‘I wanted to challenge people’s prejudices’: is Pleasure the most revealing film about porn ever?
In an explicit and uncompromising new drama, a Swedish woman tries to work her way to the top of LA’s patriarchal porn industry
Swedish film-maker Ninja Thyberg certainly did not take the easy route with her first feature. Pleasure, which arrives in US theaters this weekend, takes on a subject rife for denigration or moralism: ambitious 19-year-old Bella Cherry, played by Swedish newcomer Sofia Kappel, trying to break into the American porn industry in the late 2010s. Based on years of research in the Hollywood-adjacent world of Los Angeles adult film, Thyberg’s debut portrays female friendship, pragmatic striving and power dynamics in an industry as liable for abuse – and professionalism – as any other. Pleasure often lingers on the quotidian aspects of the business – contracts, pre-shoot douches, set lighting, gossip with co-workers. The unrated film, which premiered at the 2021 Sundance festival, opens on Bella’s bare crotch, as she contorts herself in the shower to shave her vulva before her first shoot.

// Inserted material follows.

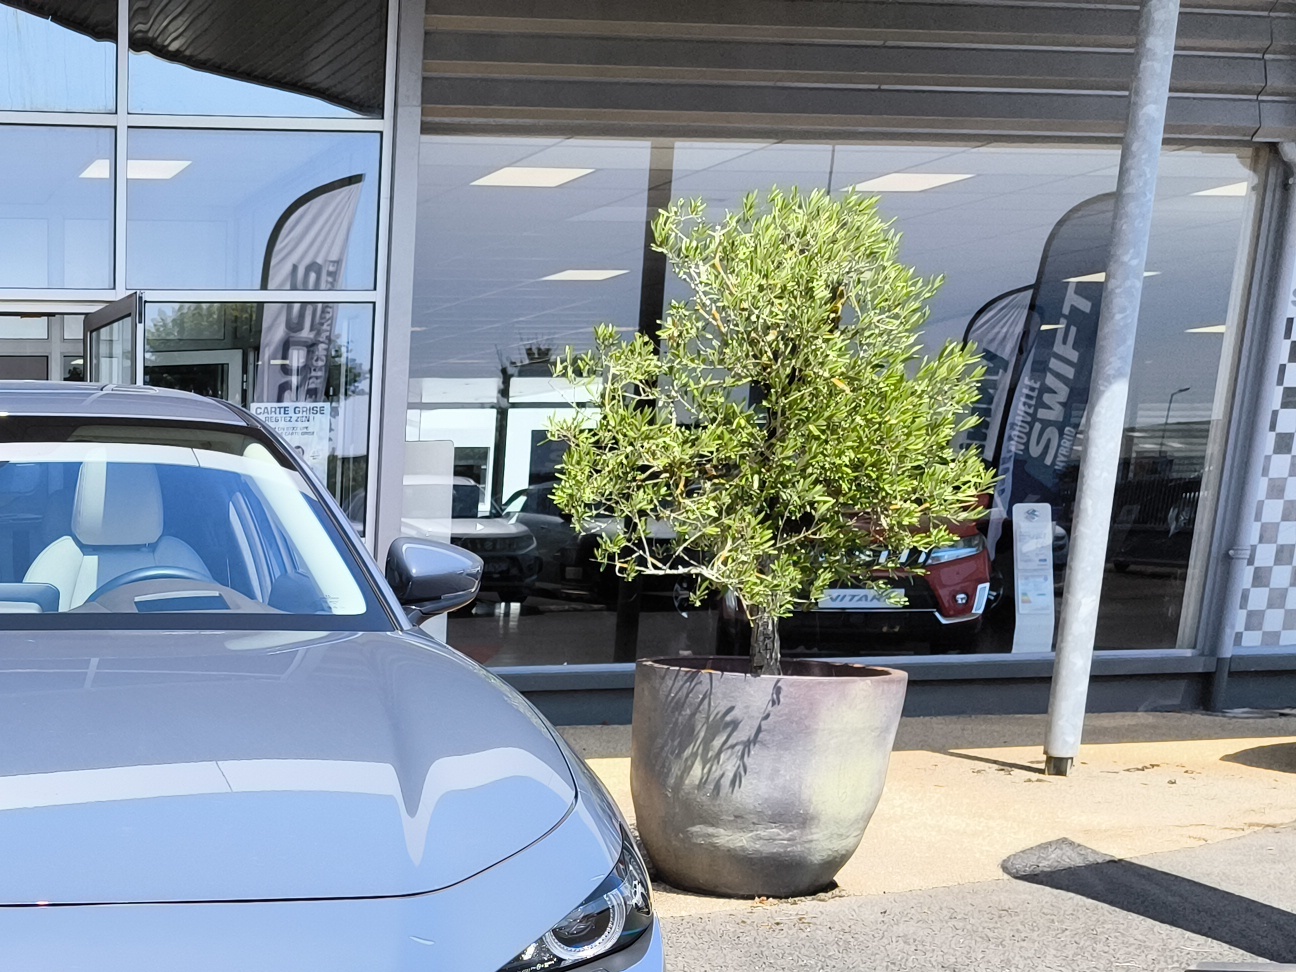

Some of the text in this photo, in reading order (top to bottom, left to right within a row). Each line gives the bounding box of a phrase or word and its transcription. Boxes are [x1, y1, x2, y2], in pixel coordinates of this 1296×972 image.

[1029, 281, 1092, 466] SWIFT
[255, 406, 325, 415] CARTE GRISE
[1009, 376, 1041, 454] NOUVELLE
[1055, 426, 1077, 474] HYBRID
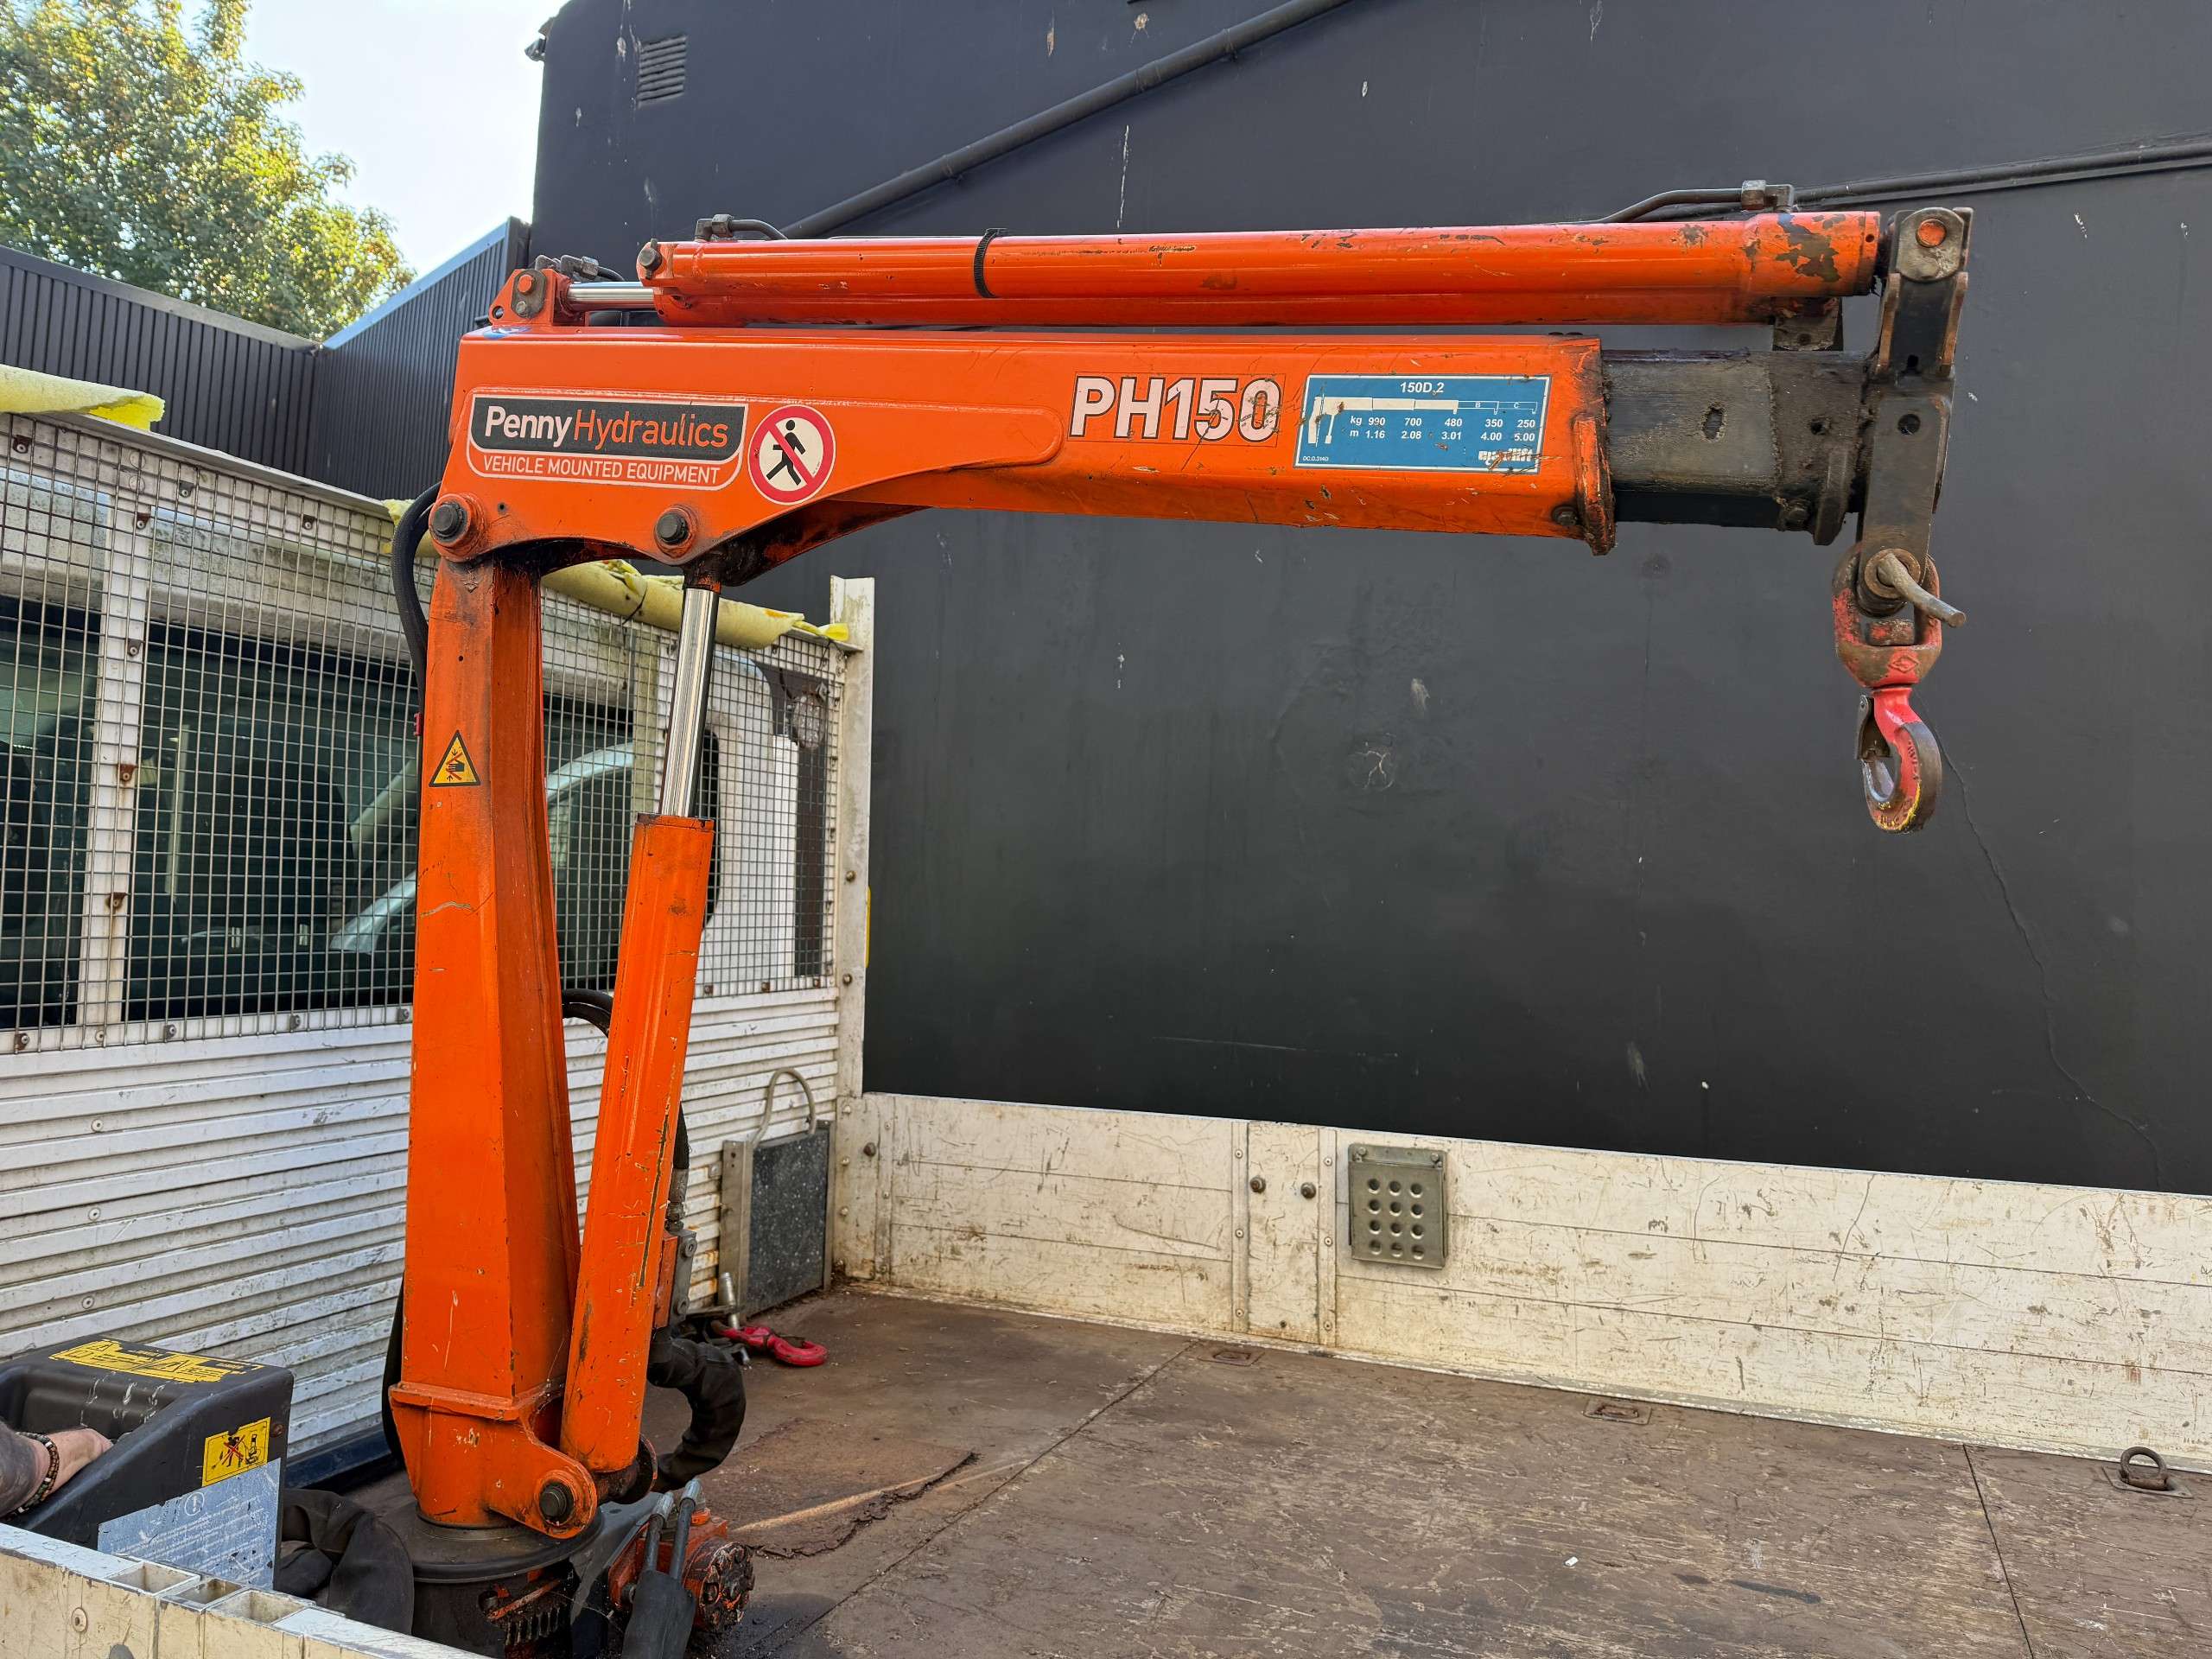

Another act of ambition: this is Kappel’s first-ever acting role. The 24-year-old first met Thyberg through a mutual friend, who recommended her based on an early character description for Bella. “My initial thought was: absolutely not,” Kappel told the Guardian. But she was looking for challenging, uncomfortable experiences – there is, unsurprisingly, a lot of nudity in Pleasure, though lack of clothing is so perfunctory as to become unremarkable – and was sold on Thyberg’s vision of a film about porn as a professional business and microcosm of society. “I think the porn industry as a subject is very interesting since it’s very present in our lives but we don’t talk about it. We act like it doesn’t exist,” she said.